Data supplied:
* * * * * * *

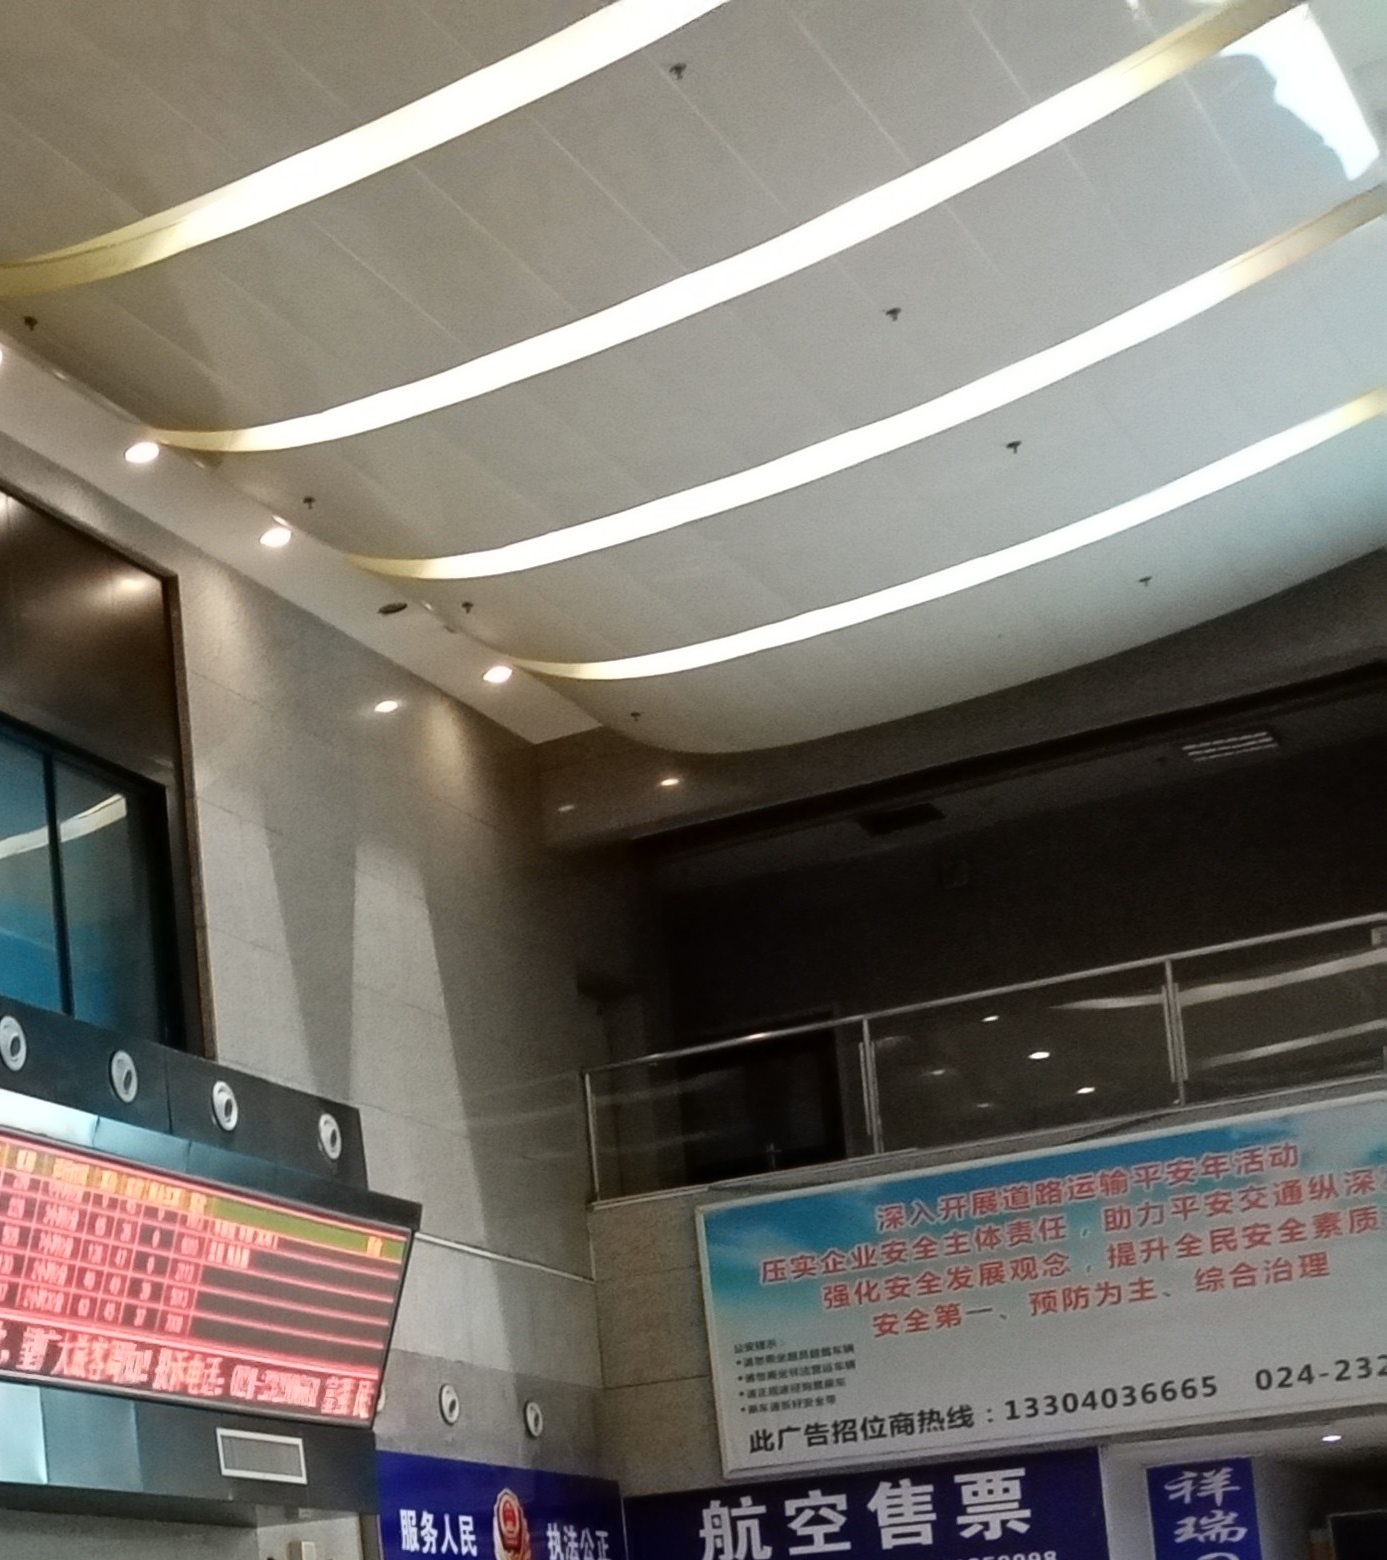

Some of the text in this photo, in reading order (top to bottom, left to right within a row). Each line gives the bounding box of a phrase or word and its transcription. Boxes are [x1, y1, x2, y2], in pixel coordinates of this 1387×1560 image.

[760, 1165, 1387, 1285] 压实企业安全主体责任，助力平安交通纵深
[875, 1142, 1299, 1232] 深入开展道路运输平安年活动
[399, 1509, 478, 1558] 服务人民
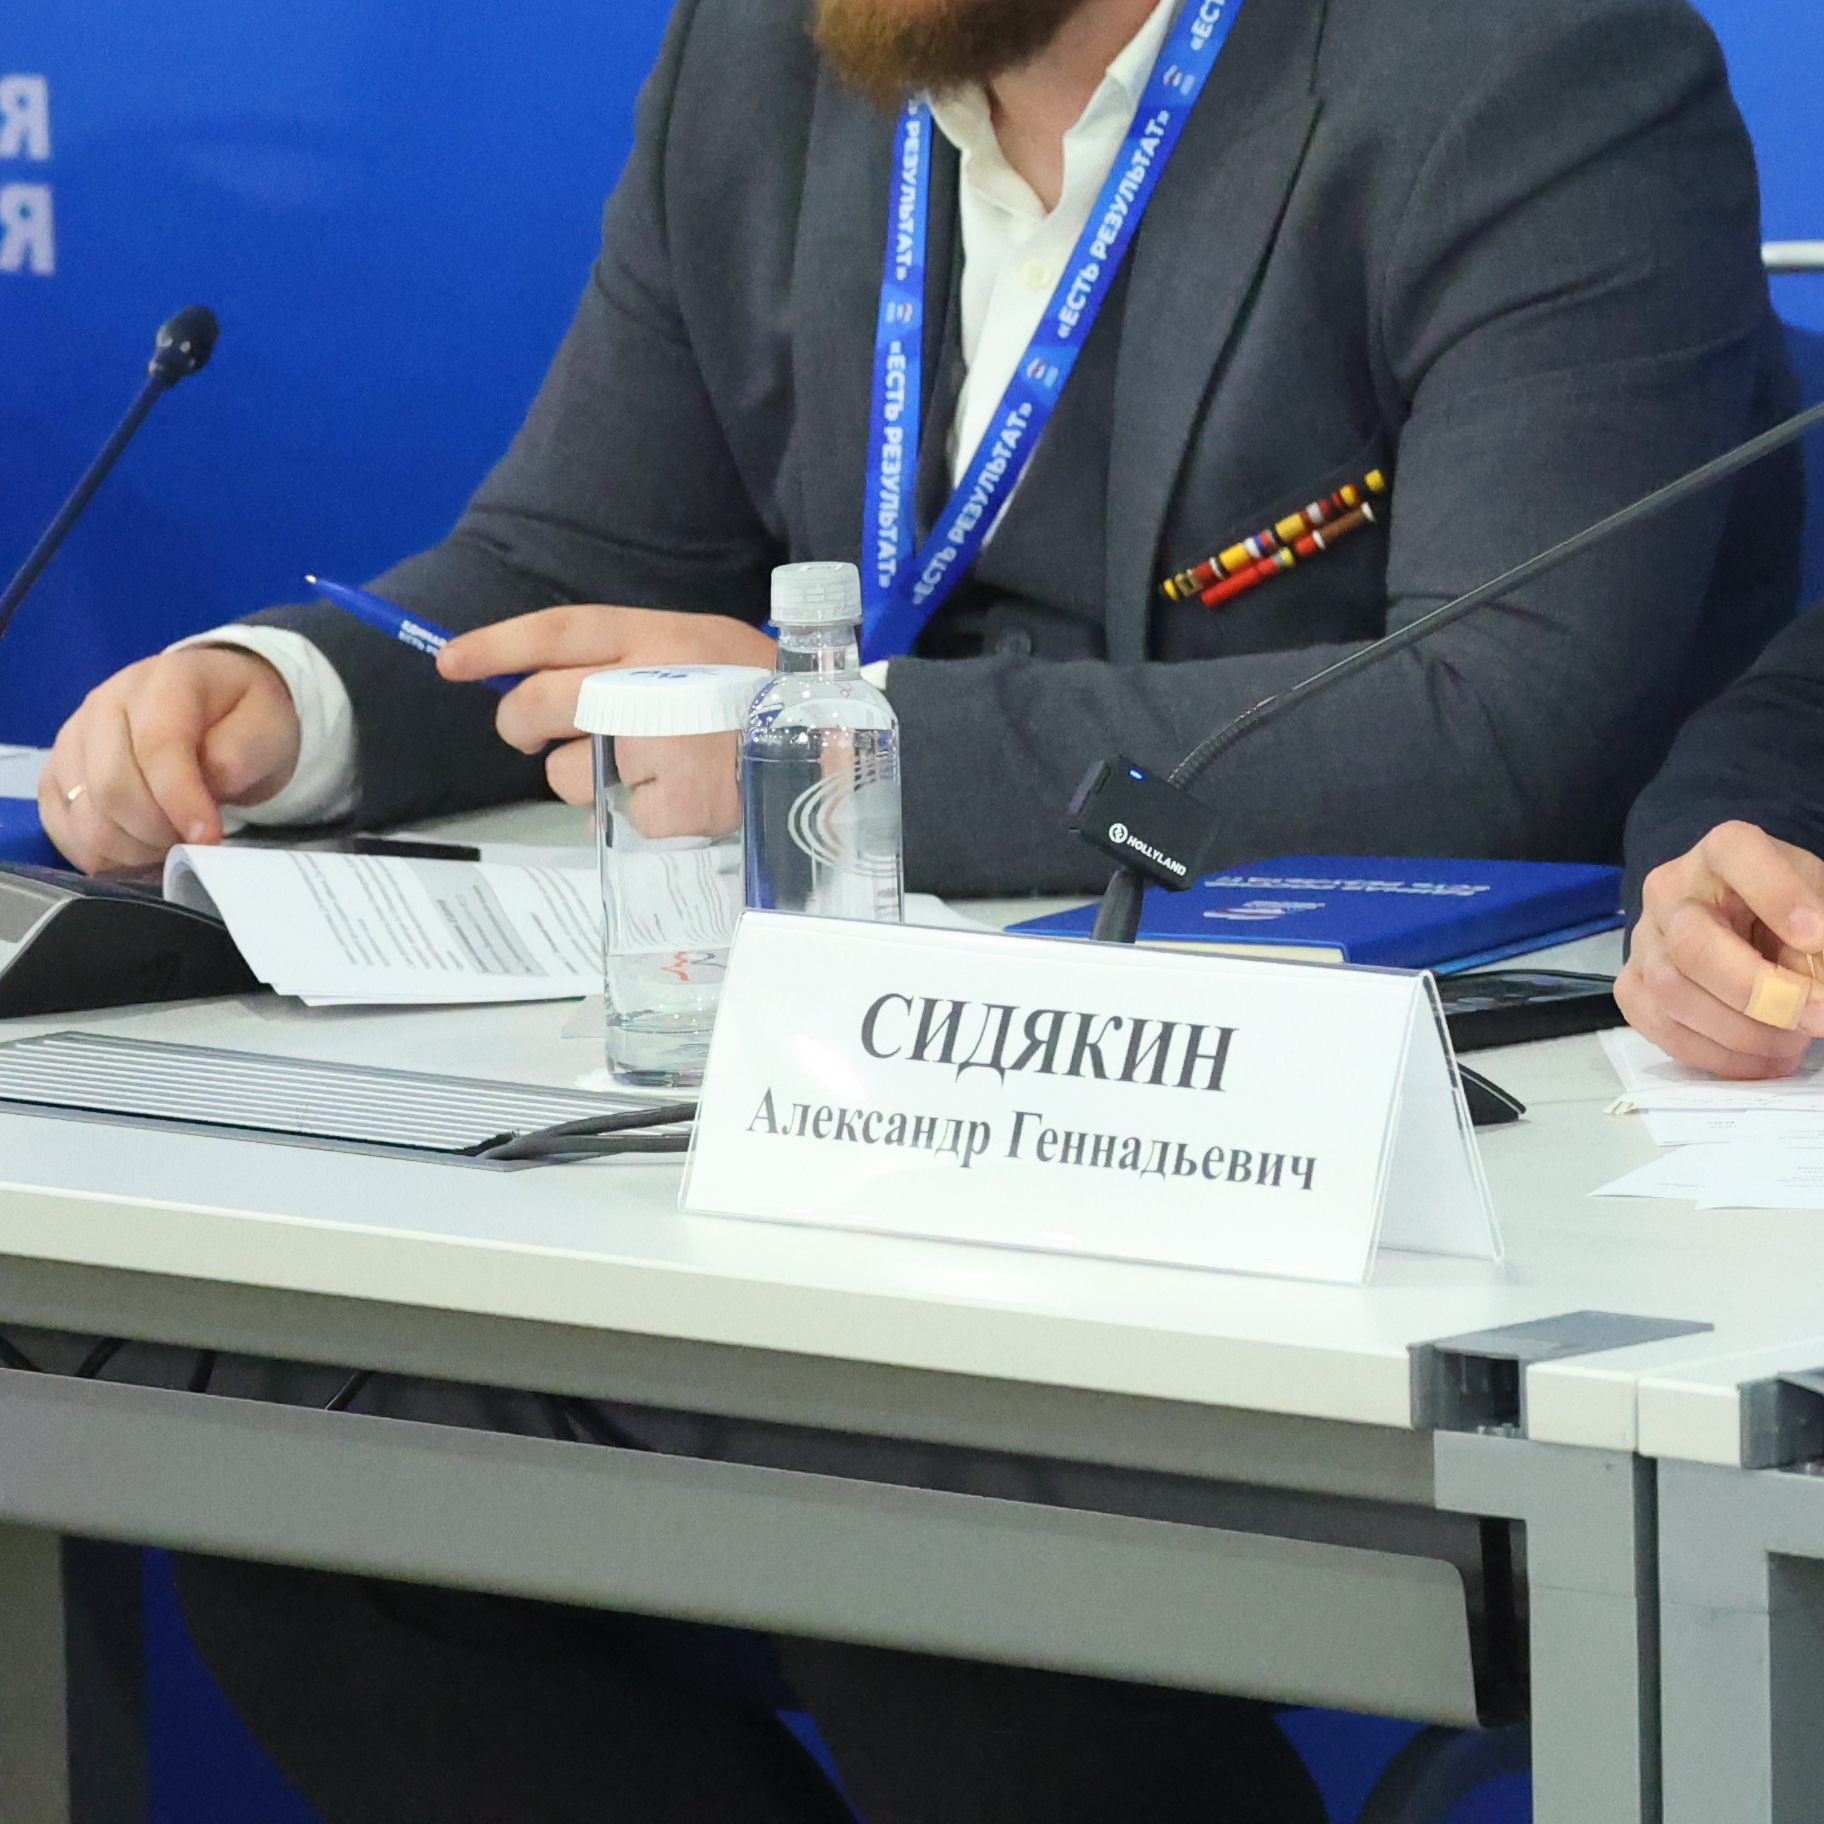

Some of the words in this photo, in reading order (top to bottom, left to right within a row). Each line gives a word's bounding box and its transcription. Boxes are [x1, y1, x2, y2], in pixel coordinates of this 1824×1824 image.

* * * * * * *

What is required: All of the listing should be transcribed exactly, but none of its images.

Written response:
Some of the text in this photo, in reading order (top to bottom, left to right within a row). Each line gives the bounding box of a phrase or word and its transcription. Boxes are [x1, y1, x2, y2], in pixel coordinates of this 1387×1560 image.

[760, 1165, 1387, 1285] 压实企业安全主体责任，助力平安交通纵深
[875, 1142, 1299, 1232] 深入开展道路运输平安年活动
[399, 1509, 478, 1558] 服务人民

Some of the words in this photo, in reading order (top to bottom, left to right within a row). Each line gives a word's bounding box and its transcription. Boxes are [x1, y1, x2, y2], in pixel coordinates of this 1824×1824 image.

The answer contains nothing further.